START Data records
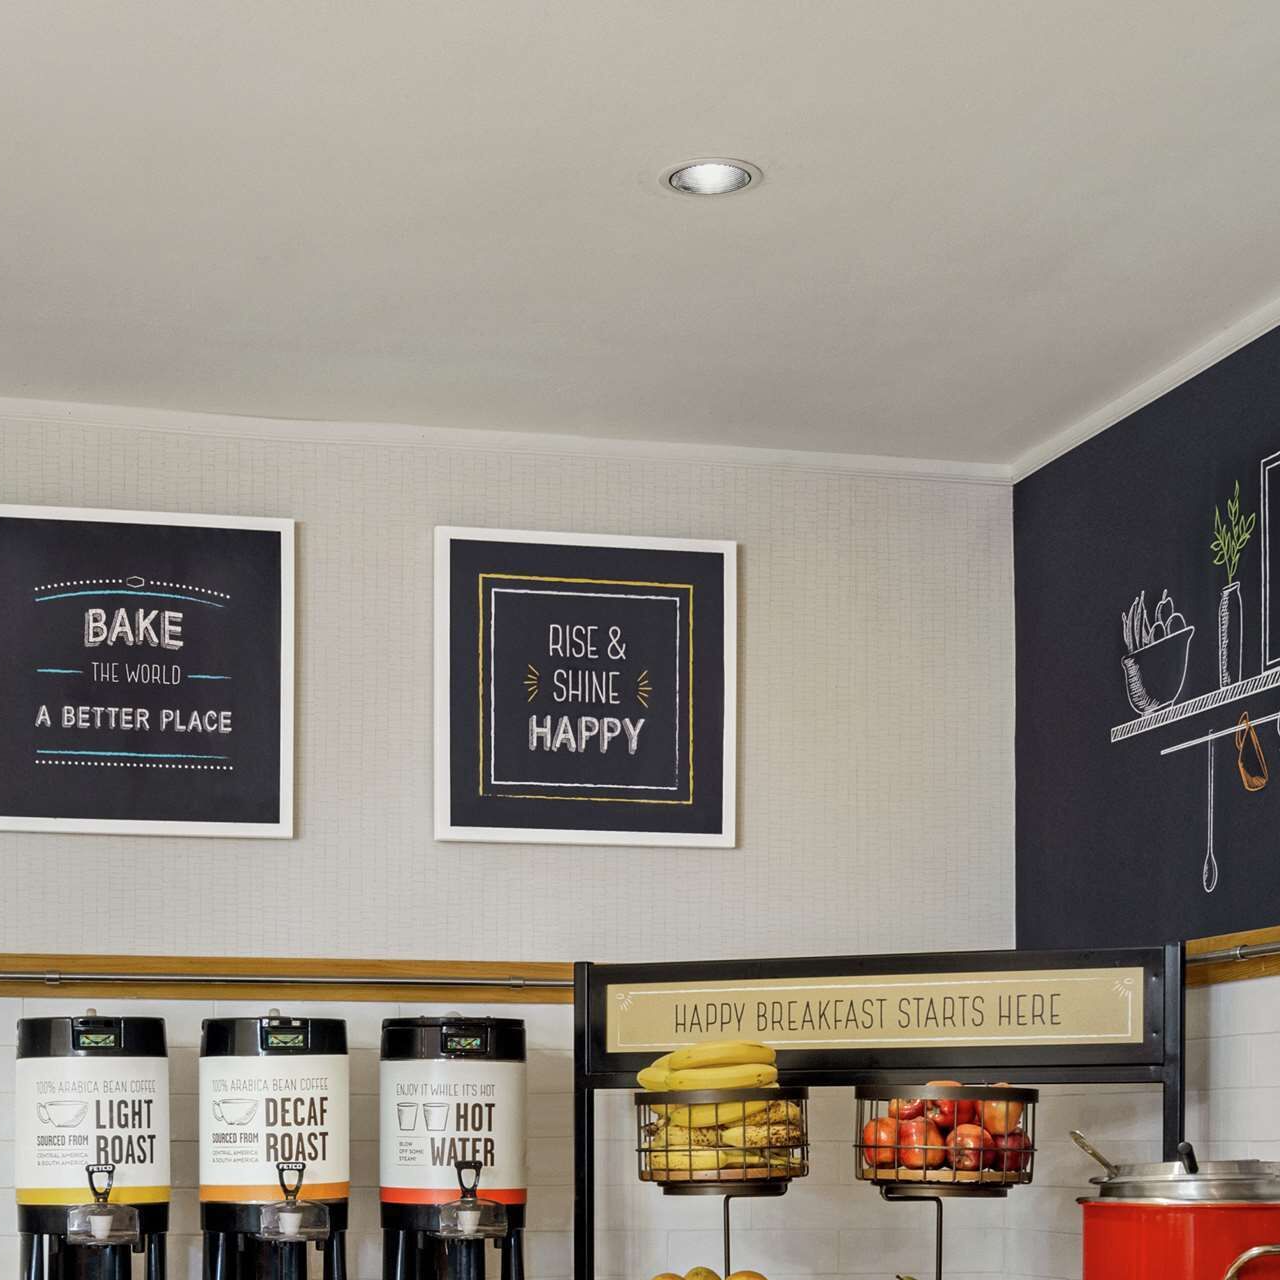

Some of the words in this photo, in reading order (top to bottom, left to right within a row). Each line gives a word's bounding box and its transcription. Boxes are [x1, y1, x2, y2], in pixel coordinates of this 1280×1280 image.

[84, 608, 184, 650] BAKE
[549, 624, 599, 659] RISE
[607, 626, 626, 660] &
[91, 662, 119, 683] THE
[125, 664, 181, 685] WORLD
[553, 669, 620, 704] SHINE
[35, 705, 51, 727] A
[62, 706, 150, 731] BETTER
[160, 709, 232, 734] PLACE
[528, 714, 645, 755] HAPPY
[674, 1002, 746, 1034] HAPPY
[756, 998, 888, 1033] BREAKFAST
[897, 995, 985, 1029] STARTS
[997, 993, 1062, 1027] HERE
[58, 1080, 99, 1094] ARABICA
[103, 1080, 127, 1094] BEAN
[130, 1079, 156, 1093] COFFEE
[230, 1079, 269, 1091] ARABICA
[272, 1078, 297, 1091] BEAN
[300, 1077, 328, 1091] COFFEE
[396, 1083, 418, 1096] ENJOY
[421, 1083, 428, 1096] IT
[430, 1083, 459, 1096] WHILE
[462, 1084, 477, 1096] IT'S
[480, 1084, 495, 1096] HOT
[95, 1099, 153, 1129] LIGHT
[265, 1096, 328, 1127] DECAF
[456, 1102, 495, 1132] HOT
[36, 1135, 66, 1146] SOURCED
[68, 1134, 89, 1146] FROM
[95, 1134, 156, 1165] ROAST
[212, 1132, 237, 1143] SOURCED
[240, 1132, 259, 1143] FROM
[265, 1132, 328, 1162] ROAST
[430, 1137, 495, 1167] WATER
END Data records
Copy out each line of the data exactly as it reads; skip the pictures.

Result below:
Some of the words in this photo, in reading order (top to bottom, left to right within a row). Each line gives a word's bounding box and its transcription. Boxes are [x1, y1, x2, y2], in pixel coordinates of this 1280×1280 image.

[84, 608, 184, 650] BAKE
[549, 624, 599, 659] RISE
[607, 626, 626, 660] &
[91, 662, 119, 683] THE
[125, 664, 181, 685] WORLD
[553, 669, 620, 704] SHINE
[35, 705, 51, 727] A
[62, 706, 150, 731] BETTER
[160, 709, 232, 734] PLACE
[528, 714, 645, 755] HAPPY
[674, 1002, 746, 1034] HAPPY
[756, 998, 888, 1033] BREAKFAST
[897, 995, 985, 1029] STARTS
[997, 993, 1062, 1027] HERE
[58, 1080, 99, 1094] ARABICA
[103, 1080, 127, 1094] BEAN
[130, 1079, 156, 1093] COFFEE
[230, 1079, 269, 1091] ARABICA
[272, 1078, 297, 1091] BEAN
[300, 1077, 328, 1091] COFFEE
[396, 1083, 418, 1096] ENJOY
[421, 1083, 428, 1096] IT
[430, 1083, 459, 1096] WHILE
[462, 1084, 477, 1096] IT'S
[480, 1084, 495, 1096] HOT
[95, 1099, 153, 1129] LIGHT
[265, 1096, 328, 1127] DECAF
[456, 1102, 495, 1132] HOT
[36, 1135, 66, 1146] SOURCED
[68, 1134, 89, 1146] FROM
[95, 1134, 156, 1165] ROAST
[212, 1132, 237, 1143] SOURCED
[240, 1132, 259, 1143] FROM
[265, 1132, 328, 1162] ROAST
[430, 1137, 495, 1167] WATER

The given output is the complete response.